In other words, use the same rhetorical tactics as the anti-gun lobby. And don’t be ashamed of it. They’re using such language because they think what they’re saying is true. They think they’re promoting the Good, and that their choice of words should reflect it. They may be wrong on the 2nd Amendment, but they’re right about rhetoric. It should reflect what we think is true and important. And we should use it as a tool to deprogram people who’ve been brainwashed to think otherwise.

As the great Christian scholar Richard Weaver wrote, rhetoric isn’t just the art of persuasion. Rightly defined, it’s the art of making the Good and the True attractive by highlighting their Beauty. In that sense, it makes words incarnate. It teaches via parable, anecdote, story, and choice of words. Good rhetoric, deployed in service of the Good, is not just important. It’s absolutely vital. It does all the work in the world that formal logical proofs cannot accomplish. For a highly useful guidebook on how to argue effectively, read the funny page-turner Thank You For Arguing.

Do you know how many logical syllogisms Jesus used in His preaching? Zero. Most of the words we have from His mouth would qualify as rhetoric. (Maybe now we can stop using the word itself pejoratively?) When George Washington spoke to his troops at Valley Forge, he didn’t stand up there and offer Socratic proofs. (They would have drifted away, one by one, into the woods.) Instead, he played on their heartstrings and roused their passions. And after the fighting ended, when an unpaid and angry Continental Army was about to march on Congress, Washington used simple, humble rhetoric to soothe them. If he’d just read them a civics lecture, the United States would have started out like most of the Latin American republics that broke free from Spain. And we’d have ended up like them, too.

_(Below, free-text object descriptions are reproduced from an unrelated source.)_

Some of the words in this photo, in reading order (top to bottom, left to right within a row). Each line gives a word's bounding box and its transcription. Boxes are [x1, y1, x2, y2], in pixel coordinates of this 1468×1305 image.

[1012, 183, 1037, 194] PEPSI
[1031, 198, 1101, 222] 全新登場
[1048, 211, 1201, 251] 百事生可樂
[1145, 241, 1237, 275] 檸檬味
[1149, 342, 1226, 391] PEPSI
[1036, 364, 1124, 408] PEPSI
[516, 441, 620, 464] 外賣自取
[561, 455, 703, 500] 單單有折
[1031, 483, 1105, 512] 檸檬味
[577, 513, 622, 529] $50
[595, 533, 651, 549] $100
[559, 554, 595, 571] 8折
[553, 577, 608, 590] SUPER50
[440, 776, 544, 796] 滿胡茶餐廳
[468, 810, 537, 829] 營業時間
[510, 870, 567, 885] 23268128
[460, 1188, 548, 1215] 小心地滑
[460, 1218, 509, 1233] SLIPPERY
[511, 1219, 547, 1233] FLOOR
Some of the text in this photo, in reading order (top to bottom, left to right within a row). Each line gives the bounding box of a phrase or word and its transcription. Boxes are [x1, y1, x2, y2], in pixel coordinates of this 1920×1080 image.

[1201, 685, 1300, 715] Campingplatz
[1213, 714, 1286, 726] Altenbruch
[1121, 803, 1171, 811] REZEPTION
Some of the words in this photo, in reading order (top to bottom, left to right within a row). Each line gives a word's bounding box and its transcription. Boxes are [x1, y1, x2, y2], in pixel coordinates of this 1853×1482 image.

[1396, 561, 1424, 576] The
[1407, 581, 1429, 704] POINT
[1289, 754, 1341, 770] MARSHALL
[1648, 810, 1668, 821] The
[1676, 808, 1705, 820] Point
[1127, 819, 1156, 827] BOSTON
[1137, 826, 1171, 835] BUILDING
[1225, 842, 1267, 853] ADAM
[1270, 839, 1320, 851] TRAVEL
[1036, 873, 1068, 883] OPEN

Words Matter, and Names Carry Deep Meaning

In the Garden of Eden, one of Adam’s first tasks was giving the animals their names. At the Tower of Babel, God humbled man’s pride by confusing the names for things among different peoples with varied tongues. At Pentecost, the Spirit brought men together by letting the apostles preach to men of every nation, and be understood. St. John thought to call Christ “the Word,” which meant that He is the ordering principle of Creation.

Many theologians agree that the root of modern unbelief lay deep in the Middle Ages. The Nominalists (“name-ists” if you will) denied that man has any essence which unites me with my neighbor. In fact, nothing does. There is just a world of stuff, living or non-living. We give each thing we see (from pond to person) an arbitrary “name,” but it tells us nothing about what these things really are, or what they have in common. Follow that out through its implications, and you end up with modern nihilism, as Pope Benedict XVI warned at Regensburg.

Catholic novelist Walker Percy’s non-fiction masterpiece, Lost in the Cosmos, centers on language as the greatest proof for man’s uniqueness. And hence his status as a child of God, not an accident of genetics. Animals respond to signals. Gorillas can learn sign language. But no animal save man thinks that words refer to things. No other creature on earth has a realm of symbolic meaning. Biologists can’t explain that, and AI geeks can’t replicate it. The fact that we can use symbols to speak the truth, and name things that share an essence, sets us apart from dumb Creation.

It shows why our lives are unique, and uniquely worth protecting.